Habitualmente los abogados de los grandes despachos dejaban que fueran los adjuntos o los recién llegados los encargados de leer toda la jurisprudencia posible, y después echaban un vistazo a los correspondientes resúmenes. Sin embargo, a mí me parecía importante encargarme de ello, y no solo en esta ocasión, era una costumbre que mantenía desde los inicios de mi carrera. Al igual que la redacción de la querella o la demanda. Estoy convencida de que armar y escribir el documento es un arte que requiere toda la implicación posible, tan esencial resulta la forma en la que se presentan los argumentos como el fondo de la cuestión. Por eso lo hacía yo, no porque no confiara en nadie más (aunque esto último también podía influir), sino porque yo era la abogada principal del caso, yo era la responsable última. Aquellos menesteres eran la sustancia en esta parte del proceso, por supuesto sin desdeñar el trabajo de campo. Al menos así lo veía.

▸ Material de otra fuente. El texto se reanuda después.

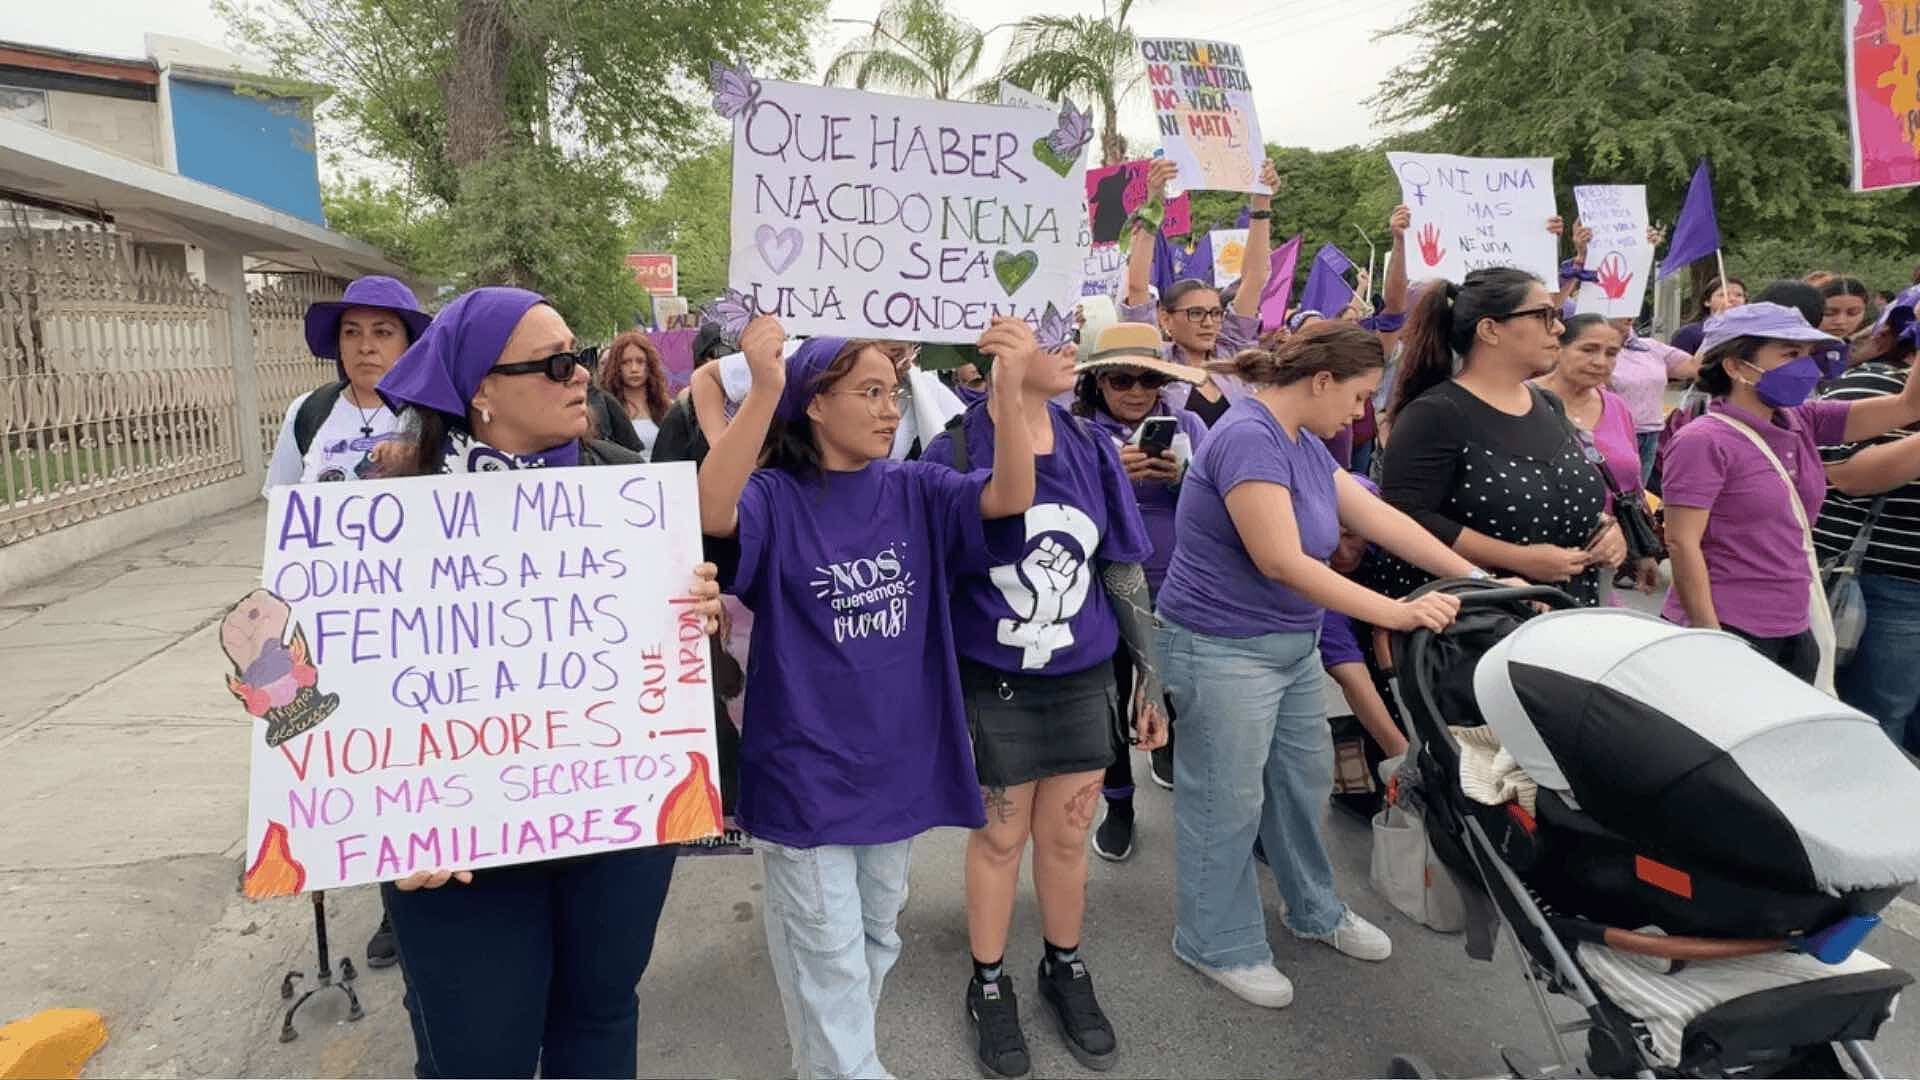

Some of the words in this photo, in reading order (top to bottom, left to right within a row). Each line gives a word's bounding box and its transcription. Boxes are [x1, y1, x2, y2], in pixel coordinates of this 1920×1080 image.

[1141, 40, 1196, 61] QUIEN
[1207, 43, 1244, 66] AMA
[1148, 64, 1173, 85] NO
[1181, 64, 1252, 92] MALTRATA
[1153, 88, 1180, 110] NO
[1185, 89, 1231, 113] VIOLA
[745, 100, 855, 162] QUE
[870, 115, 1027, 183] HABER
[1158, 115, 1180, 136] NI
[1187, 115, 1232, 137] MATA
[1436, 167, 1473, 195] NI
[1486, 167, 1536, 192] UNA
[754, 174, 932, 233] NACIDO
[941, 196, 1061, 244] NENA
[1465, 202, 1513, 219] MAS
[817, 232, 884, 272] NO
[899, 241, 989, 283] SEA
[751, 283, 846, 319] UNA
[278, 491, 404, 551] ALGO
[432, 489, 480, 540] VA
[512, 480, 602, 532] MAL
[620, 476, 666, 530] SI
[275, 559, 403, 603] ODIAN
[430, 554, 508, 590] MAS
[519, 552, 543, 588] A
[557, 547, 627, 579] LAS
[829, 549, 901, 595] NOS
[831, 582, 905, 611] queremos
[834, 598, 907, 643] vivas!
[315, 593, 628, 665] FEMINISTAS
[392, 665, 485, 714] QUE
[494, 660, 520, 699] A
[537, 650, 619, 691] LOS
[279, 701, 621, 781] VIOLADORES
[287, 787, 354, 829] NO
[375, 773, 473, 816] MAS
[500, 754, 677, 802] SECRETOS
[336, 804, 643, 881] FAMILIARES
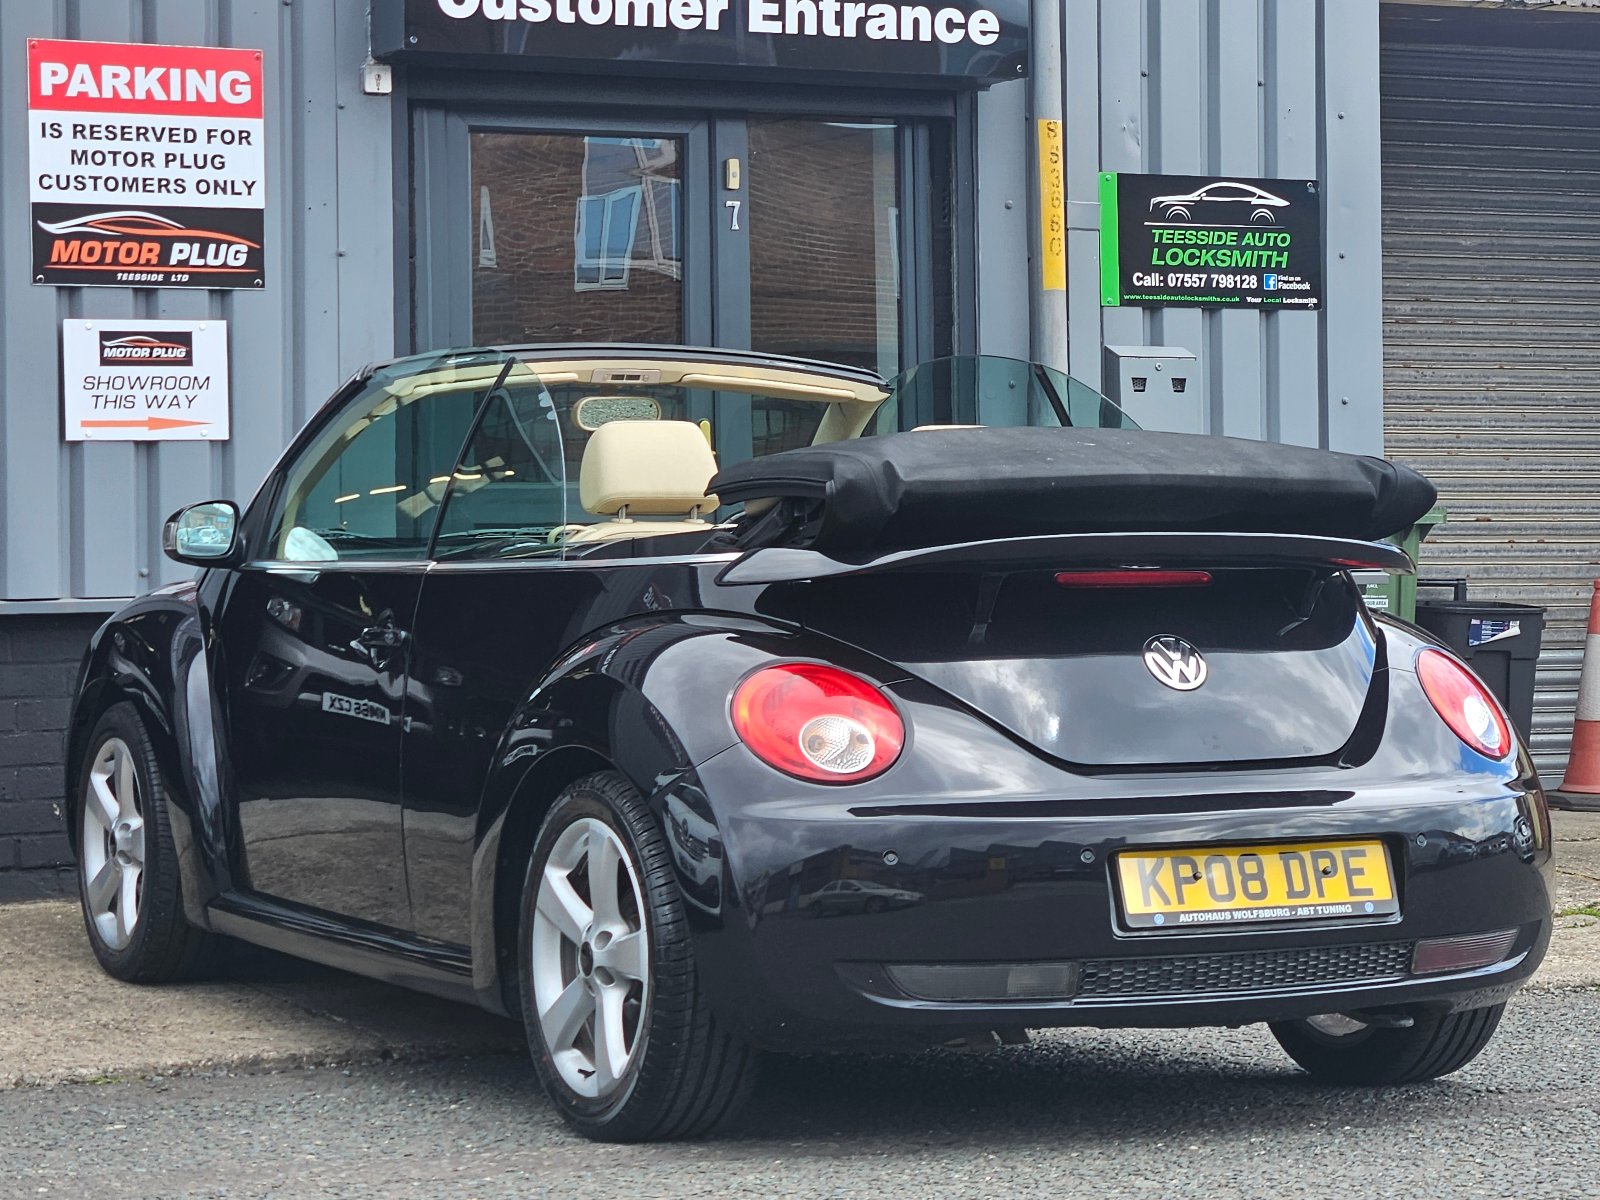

A las ocho en punto solía llegar el resto de la tropa. Ronda era casi siempre la primera. Se había revelado como una gerente muy útil. No solo se había encargado de comprar a muy buen precio algunos muebles de segunda mano y material de oficina, sino que además coordinaba a la perfección las aportaciones que cada uno sumábamos al caso. También manejaba nuestras cuentas con puño de hierro. Habíamos creado un fondo común para afrontar los gastos indispensables, cinco mil euros iniciales, de los cuales cada uno aportaba su porcentaje correspondiente. Yo ponía la mayor parte: tres mil seiscientos. Sofía y Gerardo quinientos cada uno, y Ronda cuatrocientos. No era gran cosa, pero visto en perspectiva, al menos permitía que pudiéramos tener unas sillas donde sentarnos, hacer unas fotocopias o pagar una línea telefónica nueva. La generosidad de mis compañeros no dejaba de sorprenderme, nadie protestó por el hecho de que cada uno pagara de su bolsillo la gasolina, el teléfono móvil e incluso las comidas de trabajo, que básicamente eran todas de lunes a sábado. Teniendo en cuenta que trabajábamos contrarreloj, habíamos pactado trabajar seis días a la semana al menos hasta la presentación de la querella. Por suerte, ninguno teníamos hijos, si bien Sofía y Ronda vivían con sus respectivas parejas, a los que por lo visto no les hacían mucha gracia estas nuevas condiciones laborales, que se resumían en: más horas de trabajo, menos ingresos.

—Hola, jefa, traigo churros calentitos, ¿gustas? —me espetó Ronda la mañana del undécimo día, un oscuro viernes de diciembre, con temperaturas previstas que rondaban los cero grados.

Por toda respuesta emití un gruñido. Estaba terminando de leer una sentencia del Tribunal Supremo que condenaba a una empresa subsidiaria de servicios financieros a pagar una fuerte suma y a la desarticulación de la propia compañía, que según se detallaba había creado un entramado para el blanqueo de dinero. Como me temía, los setecientos cincuenta mil euros de la condena no eran una indemnización, sino una multa que debían pagar al Estado, un esquema muy alejado del que estábamos manejando nosotros.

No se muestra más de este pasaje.